Top of RECORDED INFORMATION
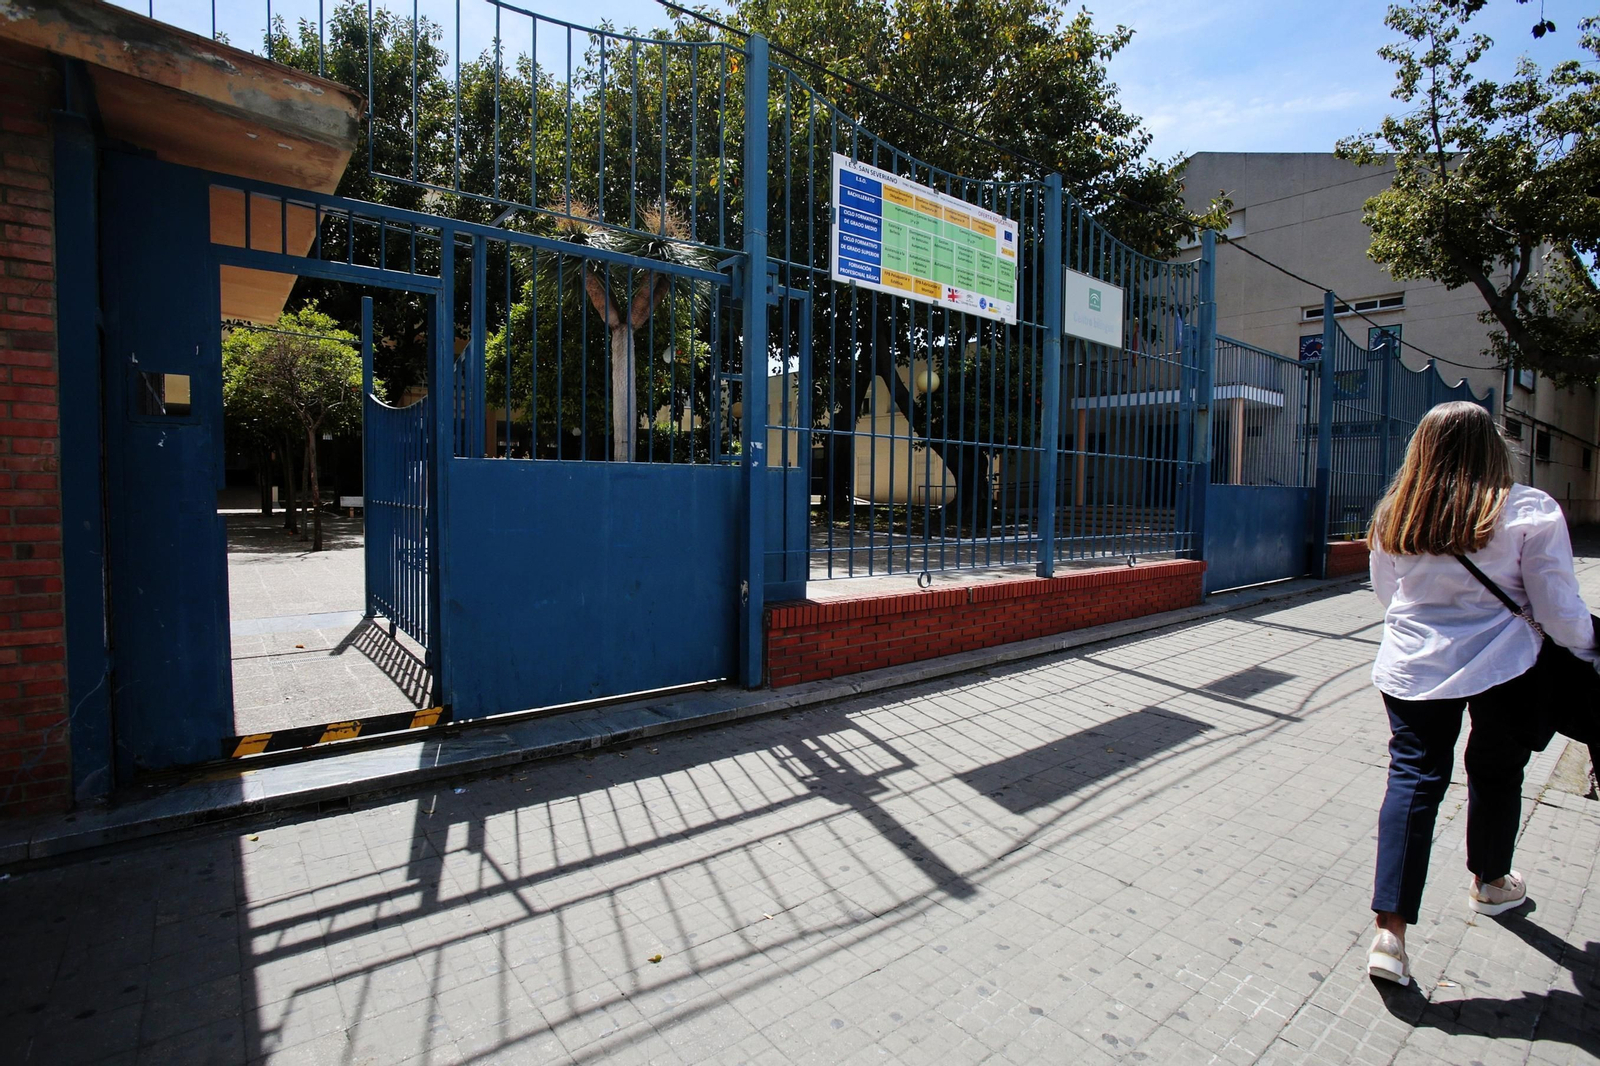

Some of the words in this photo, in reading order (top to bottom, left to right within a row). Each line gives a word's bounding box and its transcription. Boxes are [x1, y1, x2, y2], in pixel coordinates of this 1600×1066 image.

[845, 161, 858, 170] I.E.S.
[859, 165, 869, 174] SAN
[870, 169, 898, 184] SEVERIANO
[856, 176, 867, 184] E.S.O.
[847, 190, 876, 204] BACHILLERATO
[843, 209, 855, 217] CICLO
[855, 212, 878, 224] FORMATIVO
[978, 211, 992, 220] OFERTA
[993, 216, 1014, 229] EDUCATIVA
[850, 220, 864, 228] GRADO
[864, 224, 878, 232] MEDIO
[855, 238, 878, 249] FORMATIVO
[846, 244, 860, 253] GRADO
[861, 248, 880, 258] SUPERIOR
[848, 261, 872, 272] FORMACIÓN
[840, 267, 866, 279] PROFESIONAL
[866, 273, 880, 282] BÁSICA
Bottom of RECORDED INFORMATION
▸ **PROBLEM DESCRIPTION**:
Restate each entry word for word, please, but drop any images it holds.

▸ **RESPONSE TO THE TASK**:
Some of the words in this photo, in reading order (top to bottom, left to right within a row). Each line gives a word's bounding box and its transcription. Boxes are [x1, y1, x2, y2], in pixel coordinates of this 1600×1066 image.

[845, 161, 858, 170] I.E.S.
[859, 165, 869, 174] SAN
[870, 169, 898, 184] SEVERIANO
[856, 176, 867, 184] E.S.O.
[847, 190, 876, 204] BACHILLERATO
[843, 209, 855, 217] CICLO
[855, 212, 878, 224] FORMATIVO
[978, 211, 992, 220] OFERTA
[993, 216, 1014, 229] EDUCATIVA
[850, 220, 864, 228] GRADO
[864, 224, 878, 232] MEDIO
[855, 238, 878, 249] FORMATIVO
[846, 244, 860, 253] GRADO
[861, 248, 880, 258] SUPERIOR
[848, 261, 872, 272] FORMACIÓN
[840, 267, 866, 279] PROFESIONAL
[866, 273, 880, 282] BÁSICA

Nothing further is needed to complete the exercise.